Top of Given data
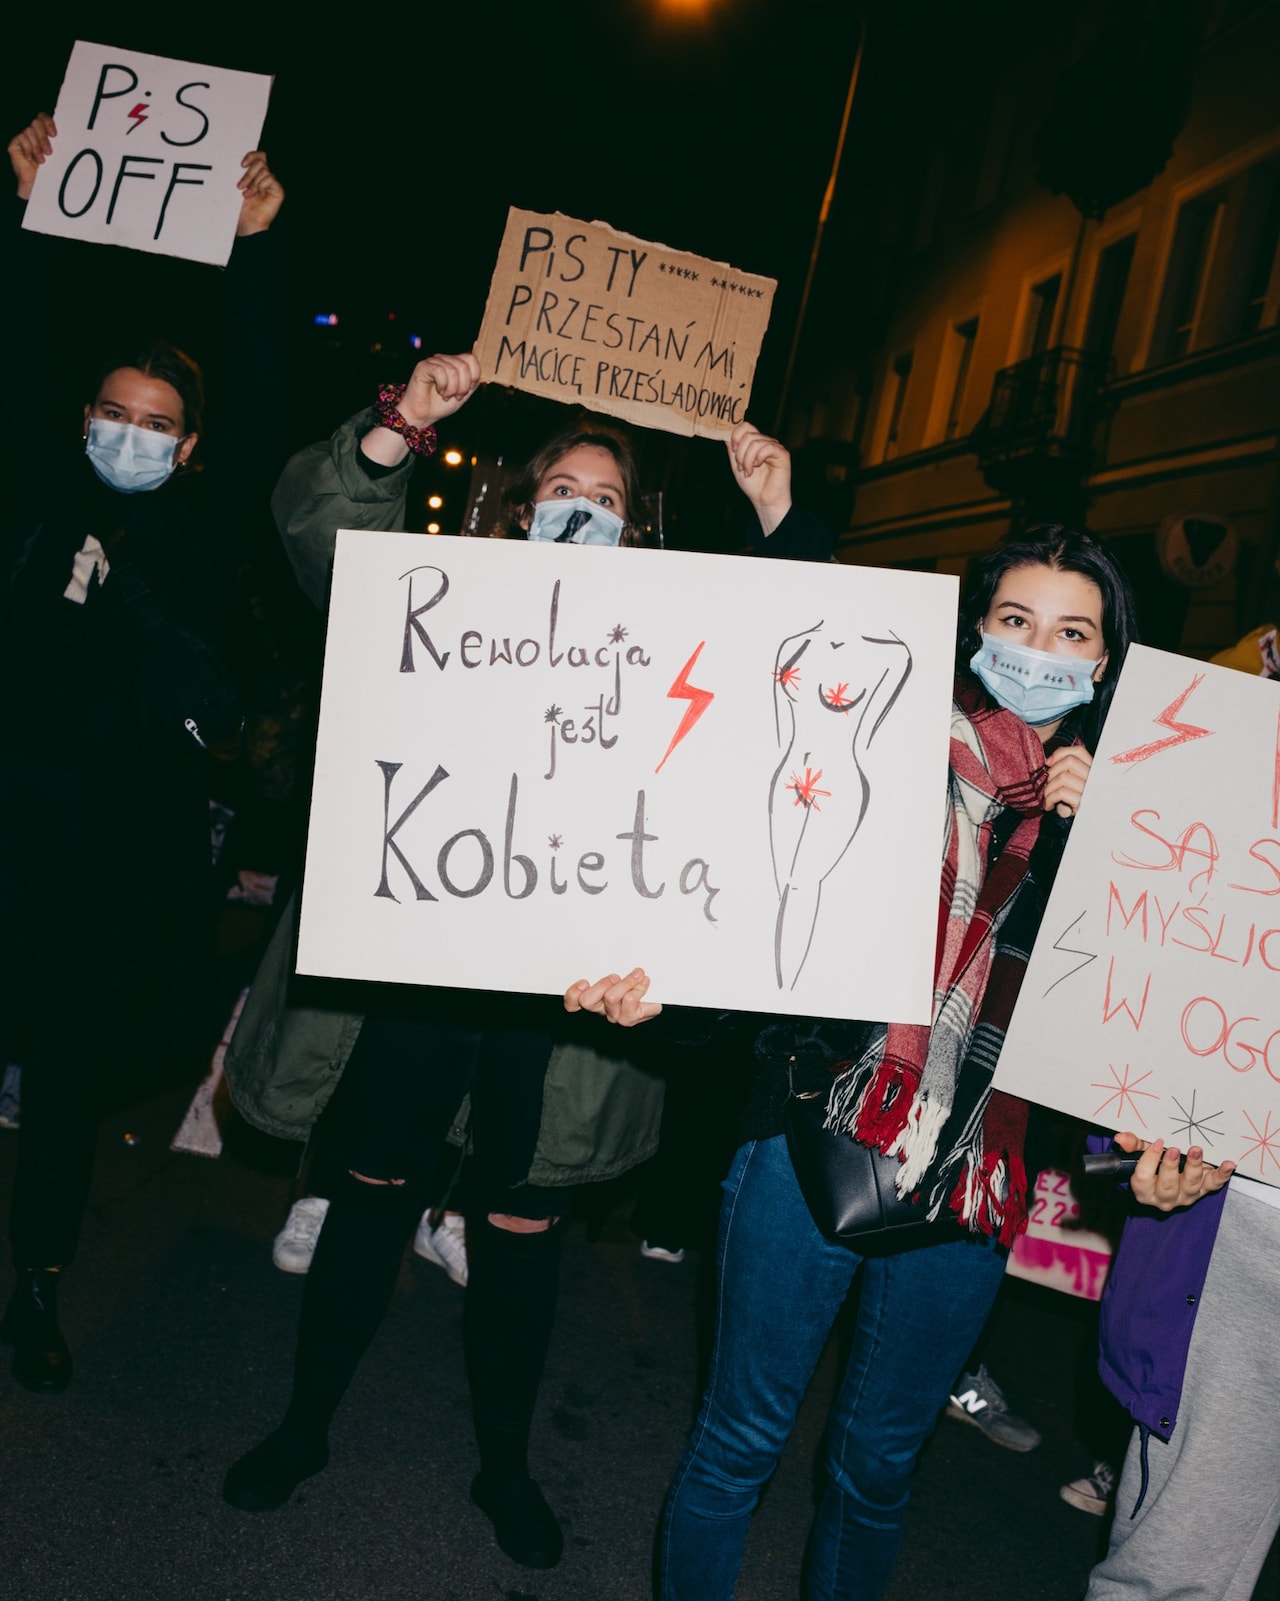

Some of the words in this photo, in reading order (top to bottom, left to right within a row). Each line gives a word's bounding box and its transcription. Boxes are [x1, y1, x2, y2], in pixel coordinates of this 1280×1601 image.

[58, 148, 213, 240] OFF
[519, 227, 587, 282] PiS
[606, 246, 648, 298] TY
[505, 285, 697, 362] PRZESTAŃ
[595, 361, 746, 425] PRZEŚLADOWAĆ
[543, 693, 620, 780] jest
[373, 759, 721, 925] Kobietą
[1111, 809, 1220, 893] SĄ
[1102, 955, 1152, 1033] W
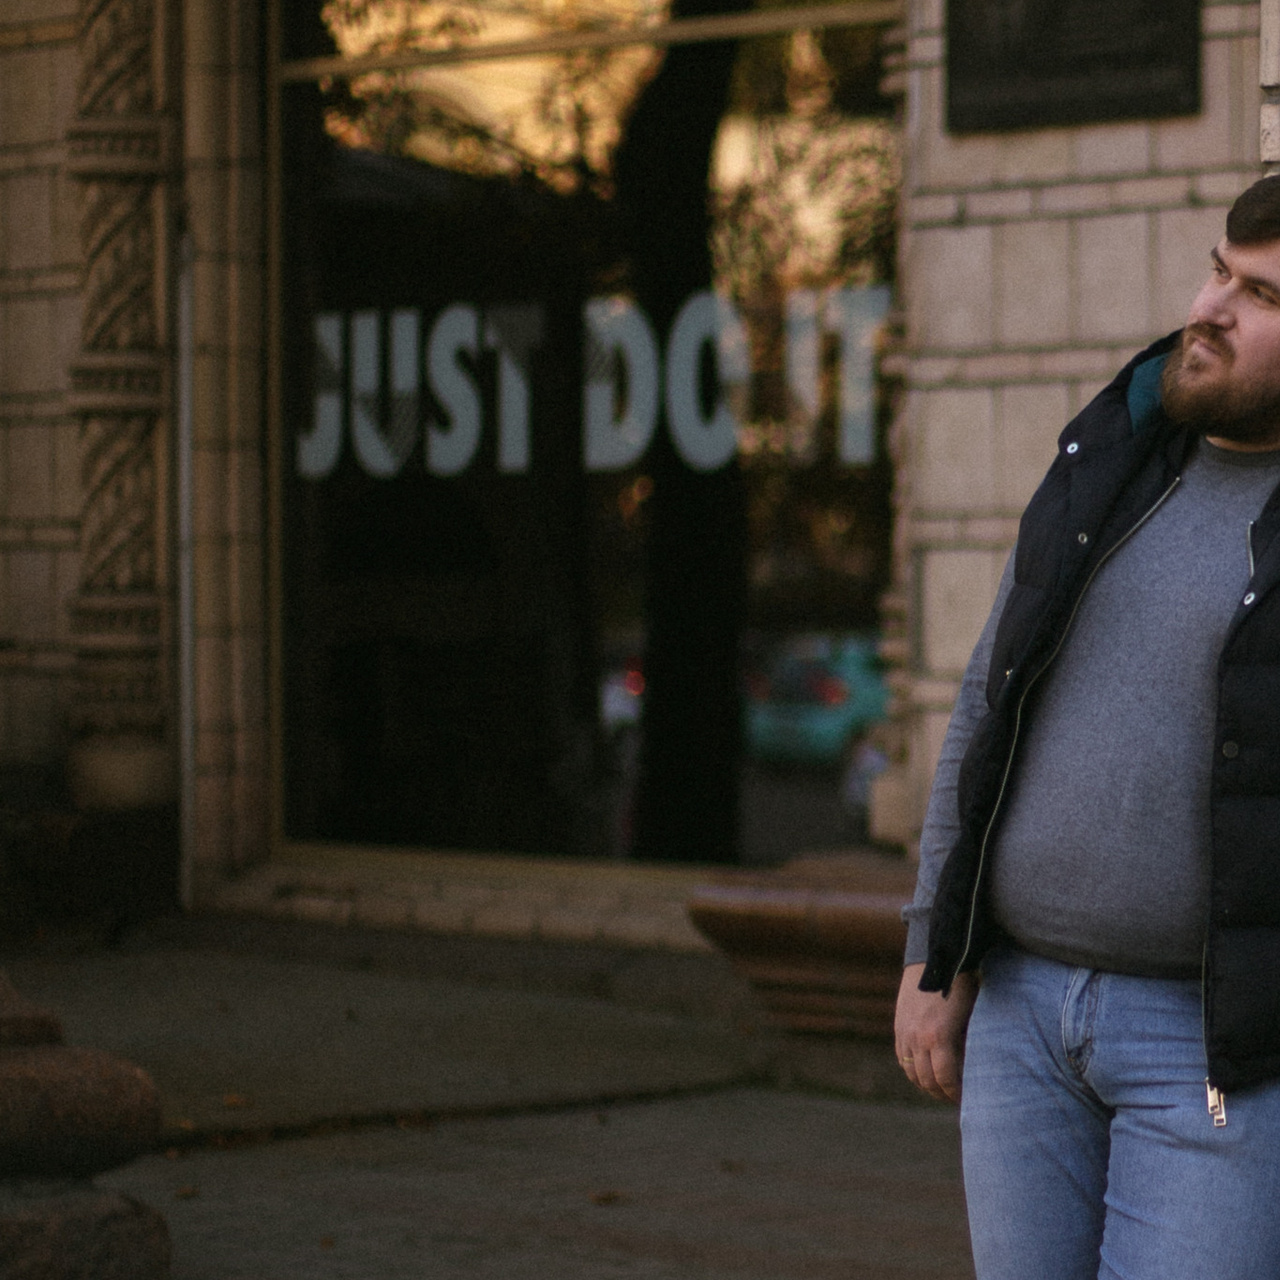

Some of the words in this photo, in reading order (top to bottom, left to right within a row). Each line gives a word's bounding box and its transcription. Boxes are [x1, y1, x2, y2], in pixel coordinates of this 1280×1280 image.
Bottom of Given data
**Exercise goal**
A precise copy of each record, with the images removed, should be output.

**Result for this task**
Some of the words in this photo, in reading order (top to bottom, left to right within a row). Each line gives a word's bounding box and its transcription. Boxes are [x1, y1, x2, y2], in pixel coordinates of this 1280×1601 image.

[58, 148, 213, 240] OFF
[519, 227, 587, 282] PiS
[606, 246, 648, 298] TY
[505, 285, 697, 362] PRZESTAŃ
[595, 361, 746, 425] PRZEŚLADOWAĆ
[543, 693, 620, 780] jest
[373, 759, 721, 925] Kobietą
[1111, 809, 1220, 893] SĄ
[1102, 955, 1152, 1033] W

Some of the words in this photo, in reading order (top to bottom, left to right within a row). Each line gives a word's bounding box and its transcription. Boxes are [x1, y1, x2, y2], in pixel coordinates of this 1280×1280 image.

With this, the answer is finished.